Jack Stouffer <jack@jackstouffer.com> changed:

           What    |Removed                     |Added
----------------------------------------------------------------------------
           Hardware|x86                         |All
                 OS|Mac OS X                    |All
           Severity|enhancement                 |normal

--
January 19, 2017
https://issues.dlang.org/show_bug.cgi?id=17109

Sophie <meapineapple@gmail.com> changed:

           What    |Removed                     |Added
----------------------------------------------------------------------------
                 CC|                            |meapineapple@gmail.com

--- Comment #1 from Sophie <meapineapple@gmail.com> ---
I think this is the correct behavior. The empty string is not valid as a floating point value, nan or otherwise.

--
January 19, 2017
https://issues.dlang.org/show_bug.cgi?id=17109

--- Comment #2 from Jack Stouffer <jack@jackstouffer.com> ---
(In reply to Sophie from comment #1)
> I think this is the correct behavior. The empty string is not valid as a floating point value, nan or otherwise.

This is going to sound dramatic, but not correctly handling missing values in a CSV makes std.csv dead on arrival. The truth of the matter is that missing values in CSVs are the rule and not the exception.

Python's pandas does this correctly, and so should we.

--
January 19, 2017
https://issues.dlang.org/show_bug.cgi?id=17109

--- Comment #3 from Sophie <meapineapple@gmail.com> ---
It's a missing value, but in the case of numeric types a missing value is simply one example of a malformed value. I think the better approach in the code you used as an example would be to not expect the CSV logic to handle malformed floats. Use the CSV parser to extract strings, and then your code should assume responsibility for validating and handling malformed inputs.

--
January 19, 2017
https://issues.dlang.org/show_bug.cgi?id=17109

--- Comment #4 from Jack Stouffer <jack@jackstouffer.com> ---
(In reply to Sophie from comment #3)
> It's a missing value, but in the case of numeric types a missing value is simply one example of a malformed value. I think the better approach in the code you used as an example would be to not expect the CSV logic to handle malformed floats. Use the CSV parser to extract strings, and then your code should assume responsibility for validating and handling malformed inputs.

The problem is, if I just get strings, then std.csv is useless because I can just do this

    auto input = File("file.csv");
    auto data = input.byLine.map!(a => splitter(a, ','));

It would be faster too, as I'm just getting slices over byLine's buffer rather than creating a new Tuple. But, returning T.init probably is a wrong choice because int.init == 0.

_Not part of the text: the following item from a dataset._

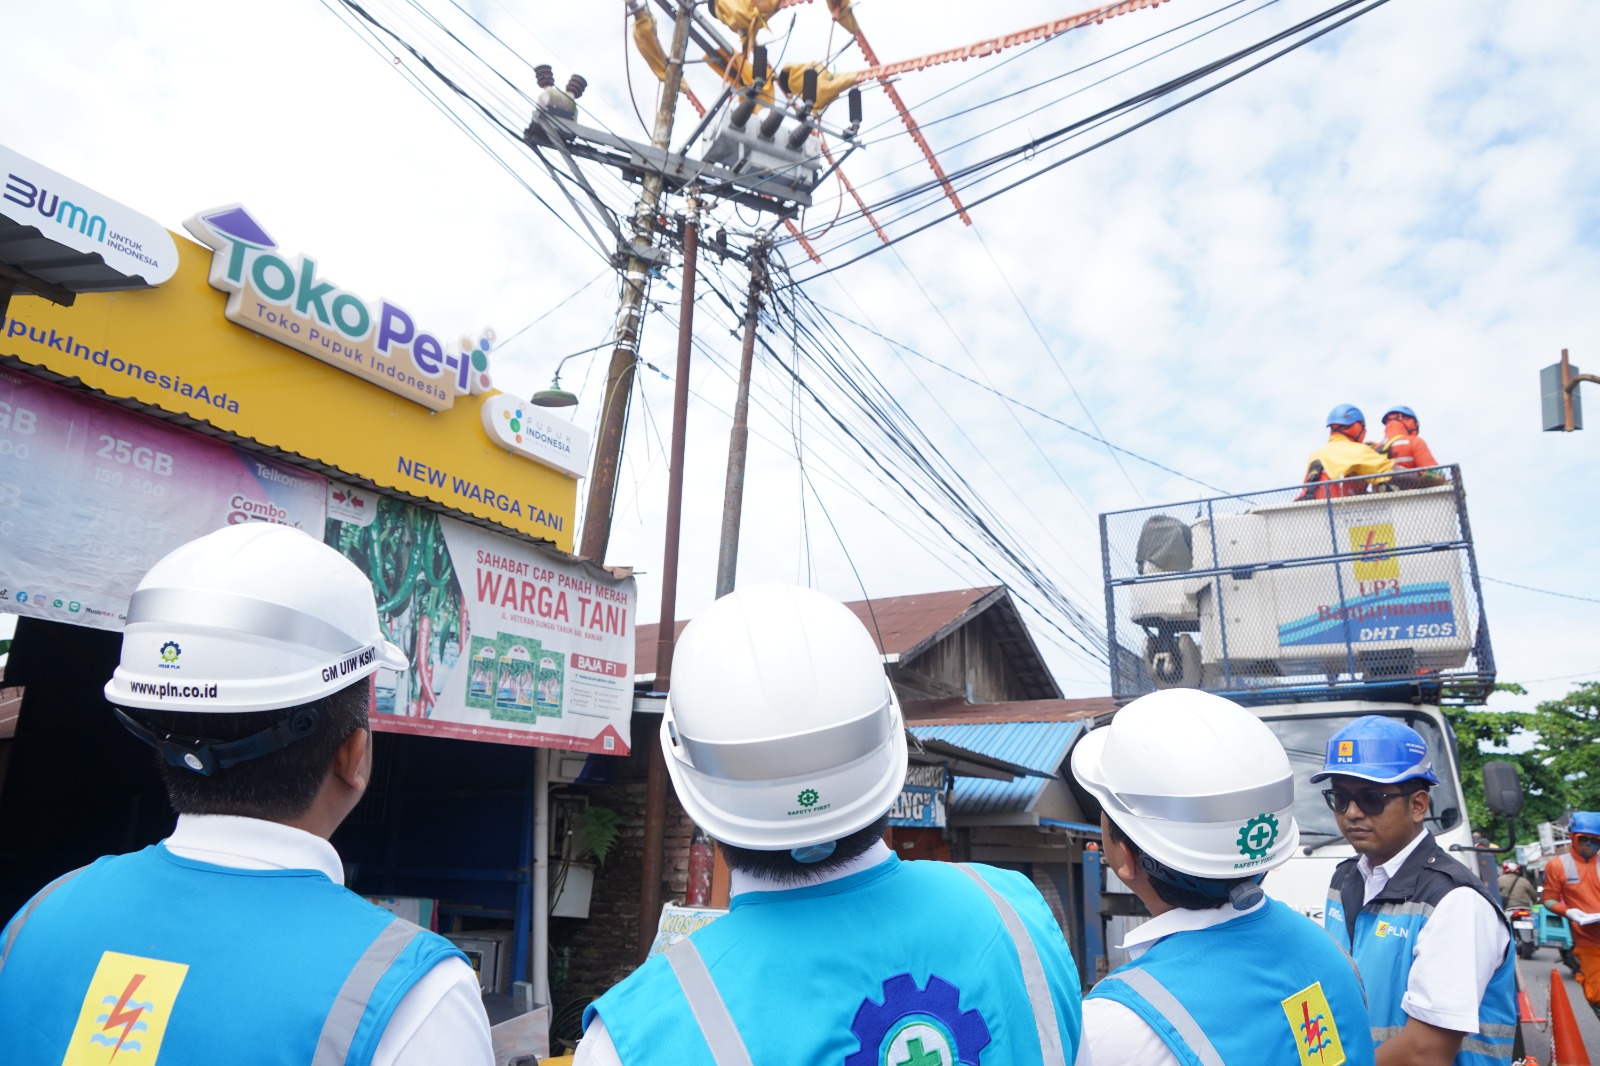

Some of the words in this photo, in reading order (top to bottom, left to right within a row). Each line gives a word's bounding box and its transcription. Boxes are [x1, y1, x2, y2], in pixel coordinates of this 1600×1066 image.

Perhaps the replacement logic can be confined to nullable types and types with nan?

--
January 19, 2017
https://issues.dlang.org/show_bug.cgi?id=17109

--- Comment #5 from Sophie <meapineapple@gmail.com> ---
(In reply to Jack Stouffer from comment #4)
> (In reply to Sophie from comment #3)
> The problem is, if I just get strings, then std.csv is useless because I can
> just do this
> 
>     auto input = File("file.csv");
>     auto data = input.byLine.map!(a => splitter(a, ','));

Not that I don't understand your argument, but be aware the example is not at all equivalent to parsing a CSV; it does not handle quoted columns or escaped metacharacters.

Null for nullable types would work, I think. I don't think using nan is ideal but it's probably the best solution for floats, the issue is that integers would have no such capability and this would an unusual inconsistency to have between the numeric types.

Perhaps when a type other than string is expected, it will be made nullable if it's not already and null will be returned when the column is blank?

--
January 20, 2017
https://issues.dlang.org/show_bug.cgi?id=17109

Jon Degenhardt <jrdemail2000-dlang@yahoo.com> changed:

           What    |Removed                     |Added
----------------------------------------------------------------------------
                 CC|                            |jrdemail2000-dlang@yahoo.co
                   |                            |m

--- Comment #6 from Jon Degenhardt <jrdemail2000-dlang@yahoo.com> ---
There is no standard behavior for empty fields in CSV. Pragmatically, it's an application level decision, meaning that the application that generated the CSV chose  what the meaning is, and the application reading it needs to respect this. Different higher level packages make their own choices of course.

R, for example, treats empty empty fields as "NA", meaning "Not Applicable" or "Missing". This is a numeric value similar to but distinct from NaN (R borrows a bit from floats and integers to do this). See R's read.table documentation. Pandas treats empty as missing, but uses NaN to represent it. See "Working with missing data" in the Pandas documentation (http://pandas.pydata.org/pandas-docs/stable/missing_data.html), and the pandas.read_csv documentation.

The real key though is that most of these CSV readers provide options controlling interpretation. Depending on use case, error, NaN or some other behavior may be warranted. D's CSV reader would benefit from having similar control.

--
December 14, 2019
https://issues.dlang.org/show_bug.cgi?id=17109

berni44 <bugzilla@d-ecke.de> changed:

           What    |Removed                     |Added
----------------------------------------------------------------------------
                 CC|                            |bugzilla@d-ecke.de
           Severity|normal                      |enhancement

--- Comment #7 from berni44 <bugzilla@d-ecke.de> ---
While I understand the wish for having defaults for empty statements, I don't think this is a bug. The current implementation just does not support this. Therefore I changed this to an enhancement request.

--
December 17, 2022
https://issues.dlang.org/show_bug.cgi?id=17109

Iain Buclaw <ibuclaw@gdcproject.org> changed:

           What    |Removed                     |Added
----------------------------------------------------------------------------
           Priority|P1                          |P4

--